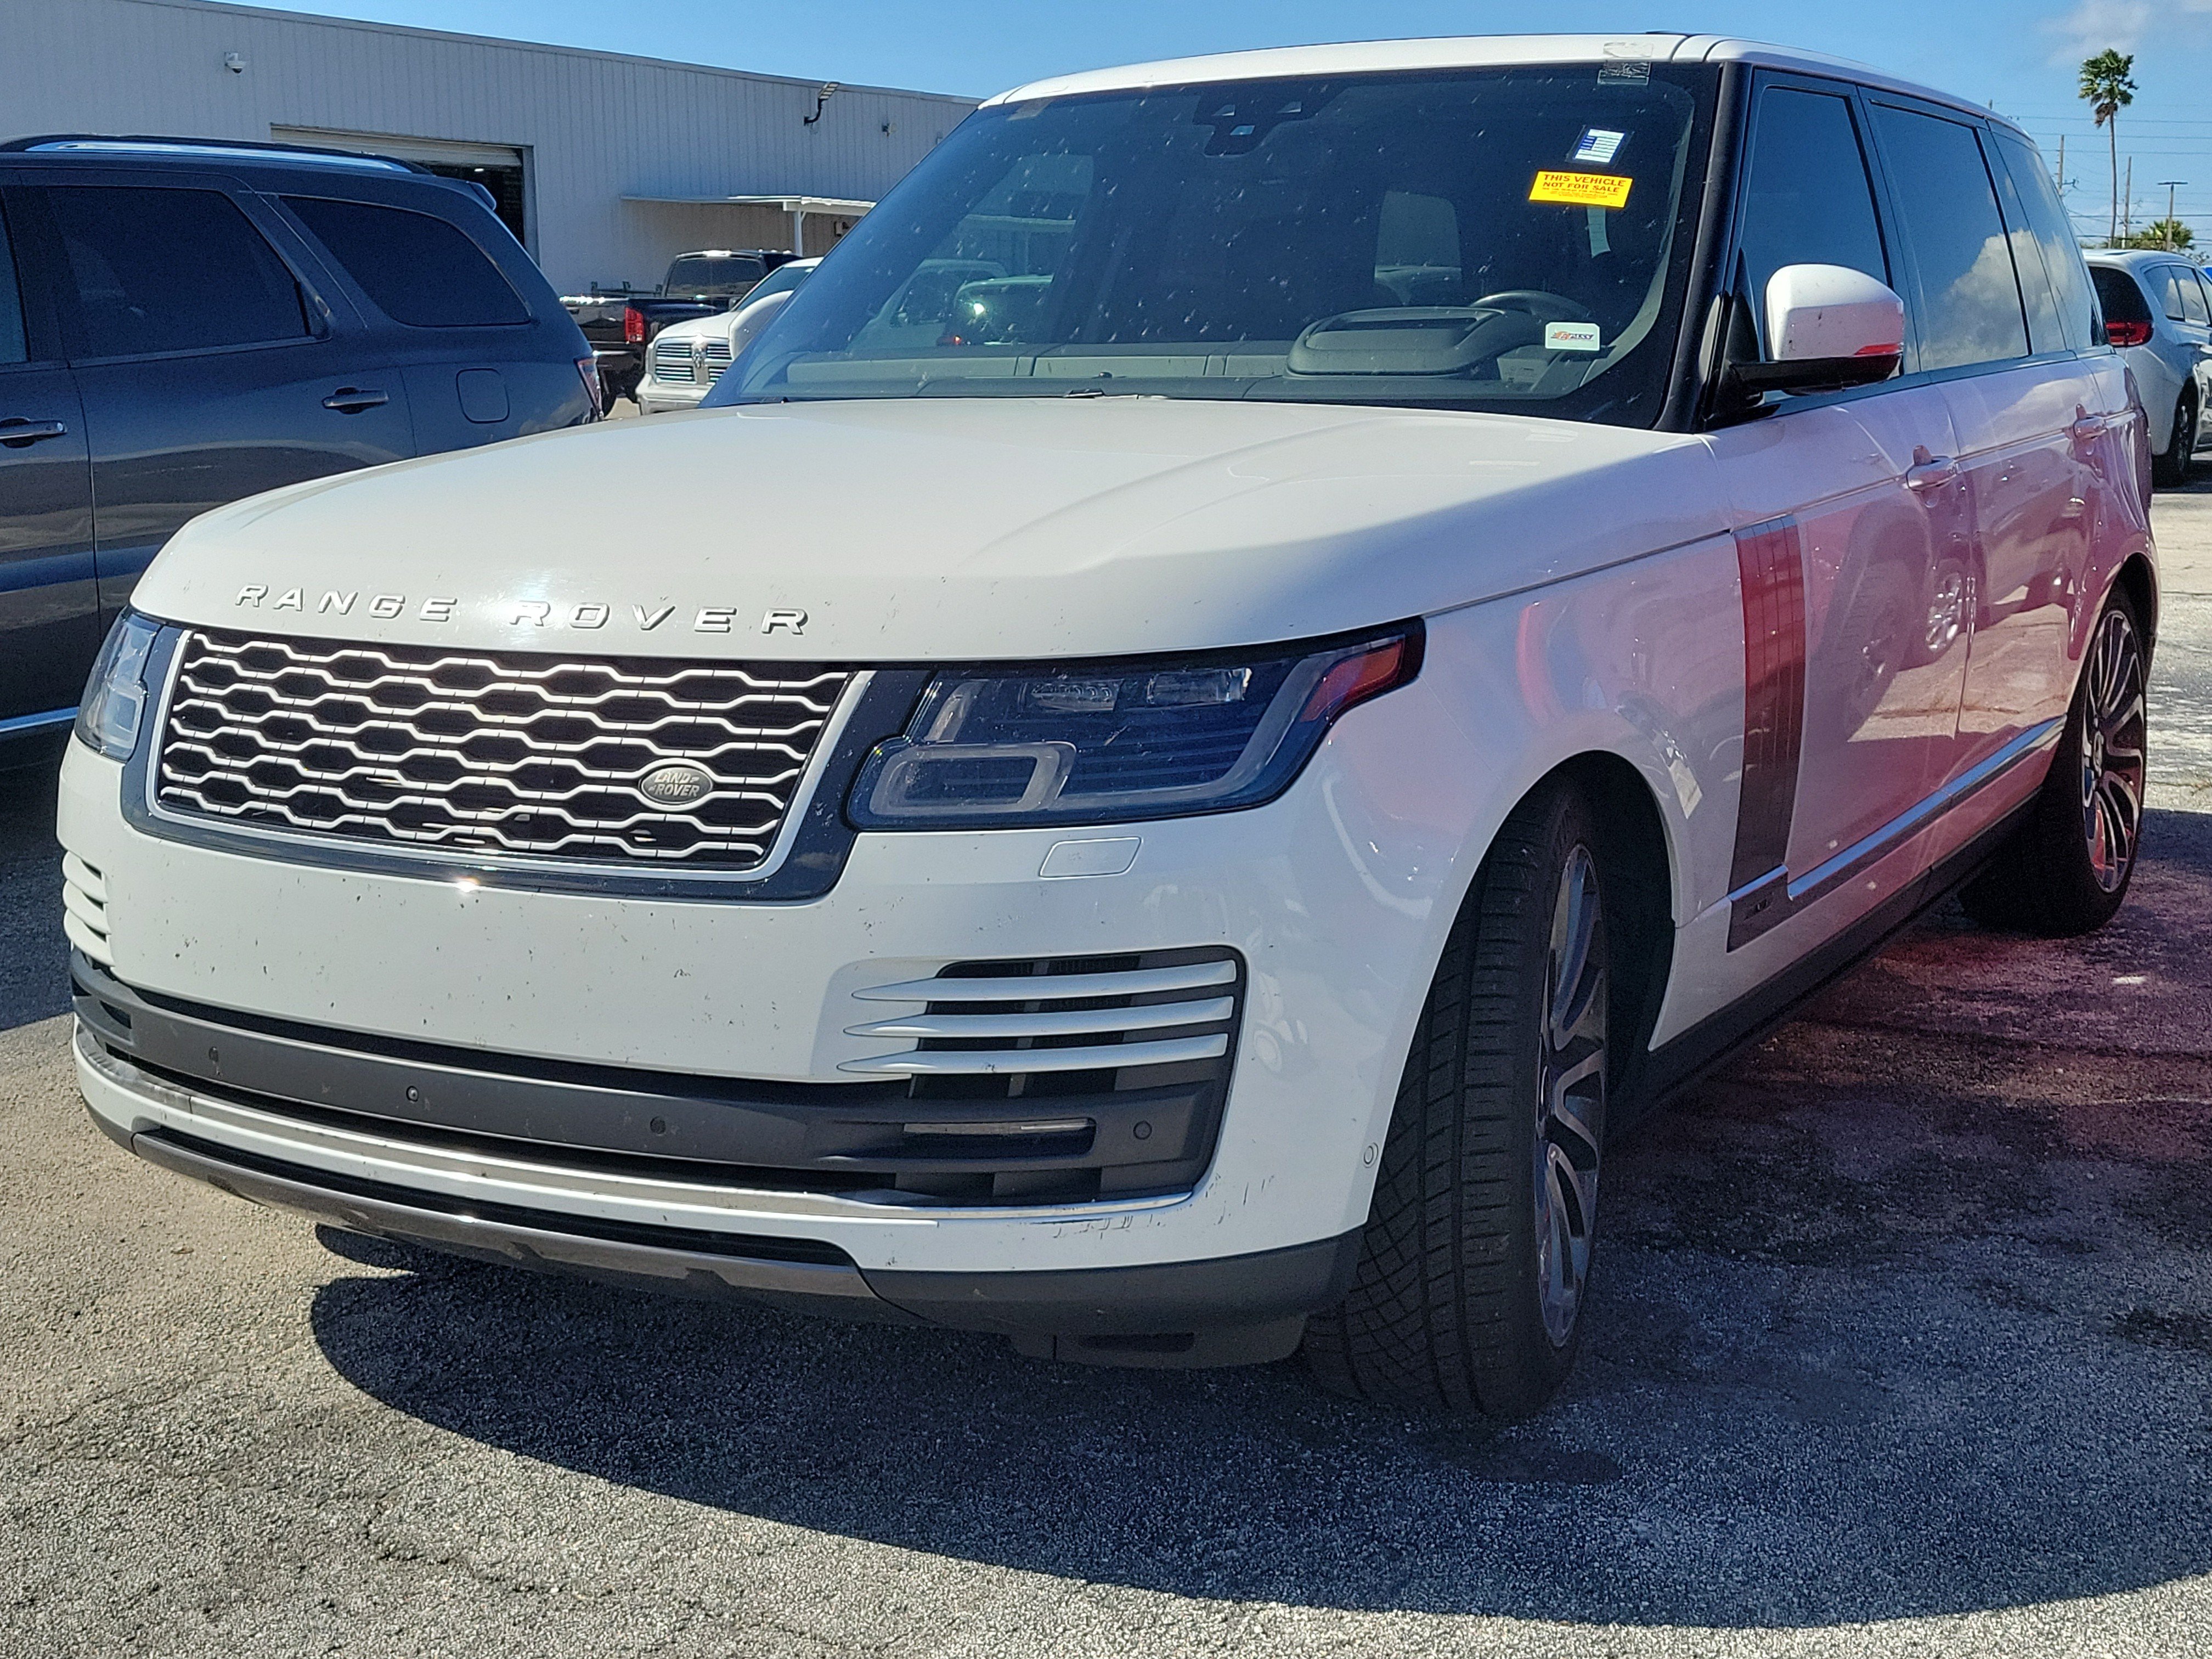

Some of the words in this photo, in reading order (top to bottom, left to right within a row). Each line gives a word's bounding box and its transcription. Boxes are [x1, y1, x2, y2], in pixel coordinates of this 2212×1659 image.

[1574, 176, 1626, 187] VEHICLE
[235, 584, 458, 622] RANGE
[509, 601, 808, 635] ROVER
[654, 771, 691, 784] LAND
[654, 783, 700, 797] ROVER
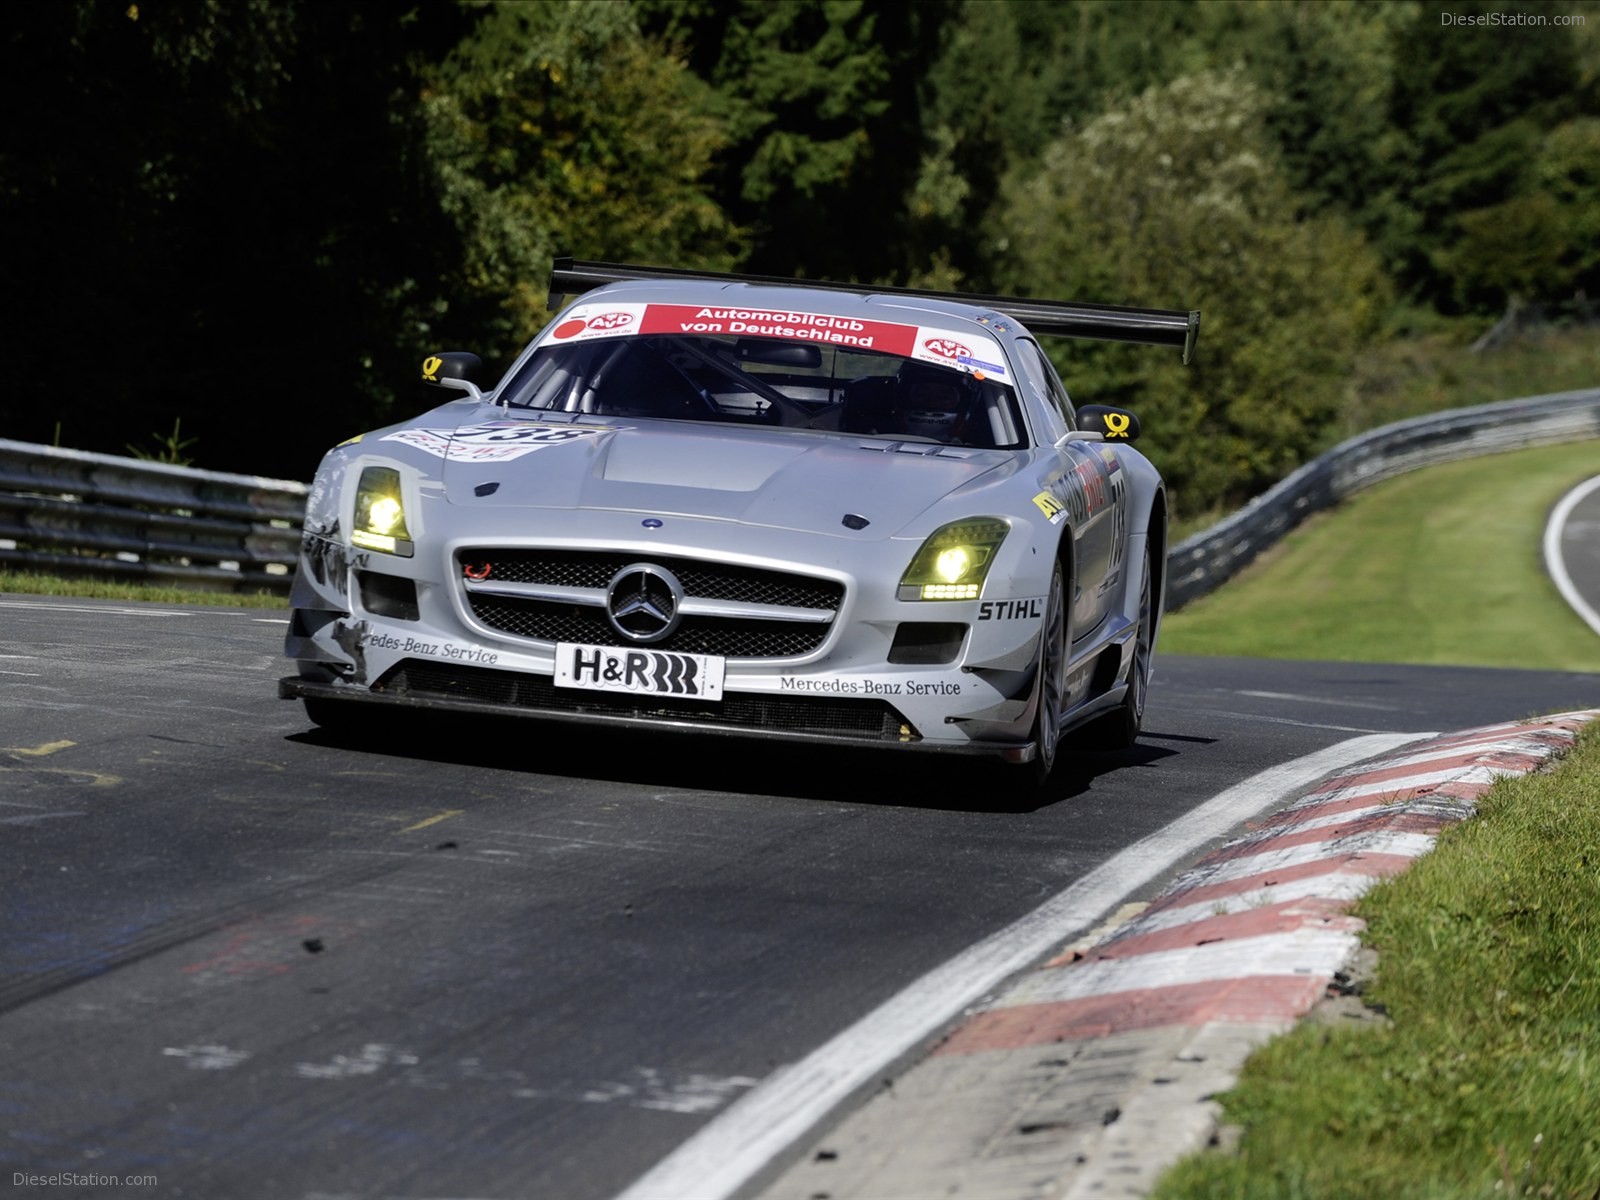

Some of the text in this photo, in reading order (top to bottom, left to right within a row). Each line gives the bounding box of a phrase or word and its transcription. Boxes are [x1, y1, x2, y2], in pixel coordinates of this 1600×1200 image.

[588, 313, 633, 329] AvD
[695, 308, 864, 331] Automobilclub
[680, 321, 874, 347] von Deutschland
[927, 340, 971, 358] AvD
[452, 427, 597, 441] 738
[978, 602, 1041, 620] STIHL
[441, 643, 498, 665] Service
[574, 648, 649, 687] H&R
[780, 677, 961, 695] Mercedes-Benz Service
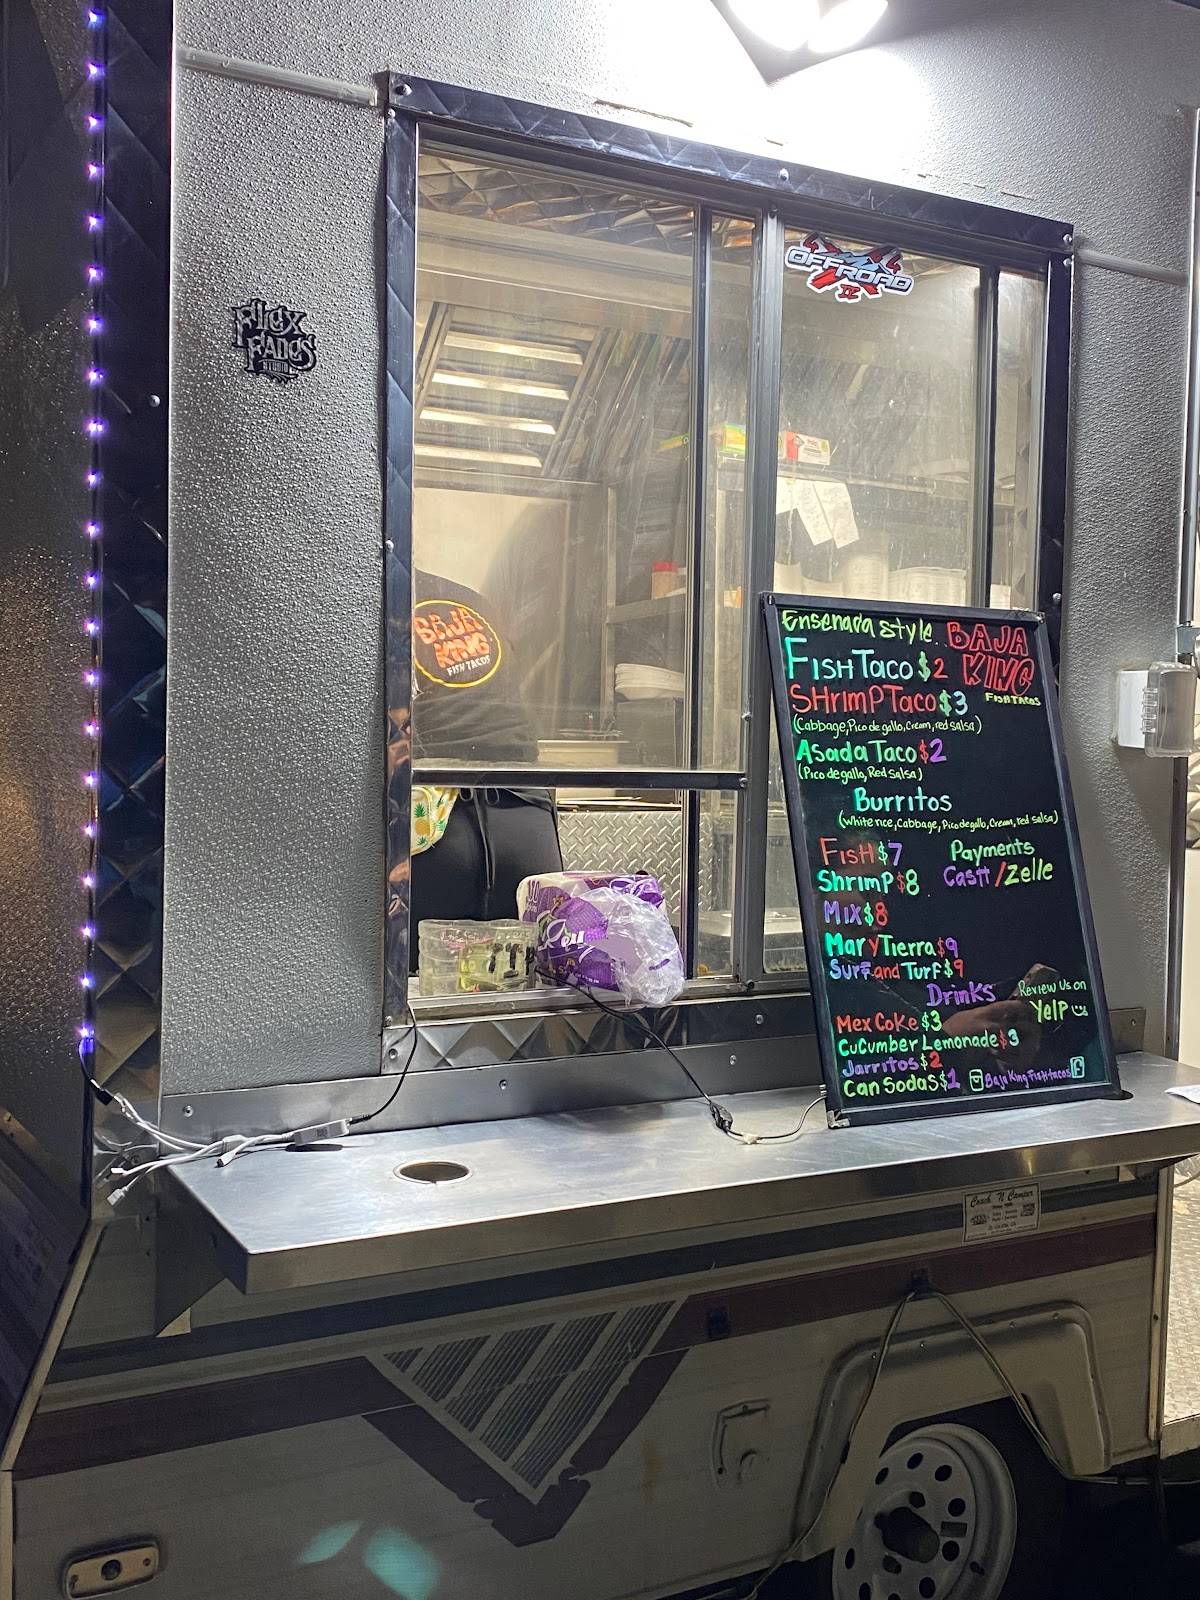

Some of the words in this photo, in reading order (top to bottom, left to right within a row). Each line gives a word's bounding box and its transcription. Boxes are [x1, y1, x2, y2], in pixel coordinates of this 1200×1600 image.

[782, 610, 876, 638] Ensenada
[946, 621, 1029, 657] BAJA
[446, 662, 466, 677] FISH
[466, 655, 491, 671] TACOS
[851, 649, 914, 680] Taco
[918, 651, 949, 682] $2
[962, 651, 1035, 697] KING
[882, 684, 937, 713] Taco
[938, 689, 969, 717] $3
[985, 692, 1011, 704] FISH
[1010, 695, 1042, 707] TACOS
[848, 718, 868, 732] Pico
[868, 719, 881, 732] de
[935, 718, 949, 730] red
[796, 738, 869, 765] Asada
[867, 740, 918, 764] Taco
[919, 737, 948, 765] $2
[826, 767, 838, 780] de
[868, 766, 888, 779] Red
[853, 786, 953, 813] Burritos
[942, 819, 959, 831] Pico
[1016, 812, 1031, 826] red
[877, 840, 903, 867] $7
[950, 838, 1036, 867] Payments
[896, 868, 921, 896] $8
[823, 900, 863, 926] Mix
[863, 901, 889, 927] $8
[824, 932, 867, 957] Mar
[877, 934, 937, 957] Tierra
[937, 936, 960, 959] $9
[829, 958, 872, 980] Surf
[872, 962, 900, 980] and
[900, 961, 942, 980] Turf
[943, 958, 965, 979] $9
[1018, 979, 1057, 997] Review
[1059, 978, 1072, 991] Us
[1073, 980, 1087, 991] on
[836, 1015, 873, 1034] Mex
[874, 1012, 920, 1032] Coke
[921, 1009, 943, 1032] $3
[921, 1028, 1000, 1052] Lemonade
[999, 1028, 1020, 1050] $3
[842, 1056, 920, 1078] Jarritos
[920, 1050, 943, 1071] $2
[843, 1078, 880, 1097] Can
[939, 1067, 961, 1092] $1

__________________________________________________

- [Exercise]: Return the listing above in an exact copy that leaves out the images.

- [Expected answer]:
Some of the words in this photo, in reading order (top to bottom, left to right within a row). Each line gives a word's bounding box and its transcription. Boxes are [x1, y1, x2, y2], in pixel coordinates of this 2212×1659 image.

[1574, 176, 1626, 187] VEHICLE
[235, 584, 458, 622] RANGE
[509, 601, 808, 635] ROVER
[654, 771, 691, 784] LAND
[654, 783, 700, 797] ROVER

Some of the text in this photo, in reading order (top to bottom, left to right within a row). Each line gives the bounding box of a phrase or word and its transcription. Boxes are [x1, y1, x2, y2], in pixel coordinates of this 1600×1200 image.

[588, 313, 633, 329] AvD
[695, 308, 864, 331] Automobilclub
[680, 321, 874, 347] von Deutschland
[927, 340, 971, 358] AvD
[452, 427, 597, 441] 738
[978, 602, 1041, 620] STIHL
[441, 643, 498, 665] Service
[574, 648, 649, 687] H&R
[780, 677, 961, 695] Mercedes-Benz Service

Some of the words in this photo, in reading order (top to bottom, left to right within a row). Each line gives a word's bounding box and its transcription. Boxes are [x1, y1, x2, y2], in pixel coordinates of this 1200×1600 image.

[782, 610, 876, 638] Ensenada
[946, 621, 1029, 657] BAJA
[446, 662, 466, 677] FISH
[466, 655, 491, 671] TACOS
[851, 649, 914, 680] Taco
[918, 651, 949, 682] $2
[962, 651, 1035, 697] KING
[882, 684, 937, 713] Taco
[938, 689, 969, 717] $3
[985, 692, 1011, 704] FISH
[1010, 695, 1042, 707] TACOS
[848, 718, 868, 732] Pico
[868, 719, 881, 732] de
[935, 718, 949, 730] red
[796, 738, 869, 765] Asada
[867, 740, 918, 764] Taco
[919, 737, 948, 765] $2
[826, 767, 838, 780] de
[868, 766, 888, 779] Red
[853, 786, 953, 813] Burritos
[942, 819, 959, 831] Pico
[1016, 812, 1031, 826] red
[877, 840, 903, 867] $7
[950, 838, 1036, 867] Payments
[896, 868, 921, 896] $8
[823, 900, 863, 926] Mix
[863, 901, 889, 927] $8
[824, 932, 867, 957] Mar
[877, 934, 937, 957] Tierra
[937, 936, 960, 959] $9
[829, 958, 872, 980] Surf
[872, 962, 900, 980] and
[900, 961, 942, 980] Turf
[943, 958, 965, 979] $9
[1018, 979, 1057, 997] Review
[1059, 978, 1072, 991] Us
[1073, 980, 1087, 991] on
[836, 1015, 873, 1034] Mex
[874, 1012, 920, 1032] Coke
[921, 1009, 943, 1032] $3
[921, 1028, 1000, 1052] Lemonade
[999, 1028, 1020, 1050] $3
[842, 1056, 920, 1078] Jarritos
[920, 1050, 943, 1071] $2
[843, 1078, 880, 1097] Can
[939, 1067, 961, 1092] $1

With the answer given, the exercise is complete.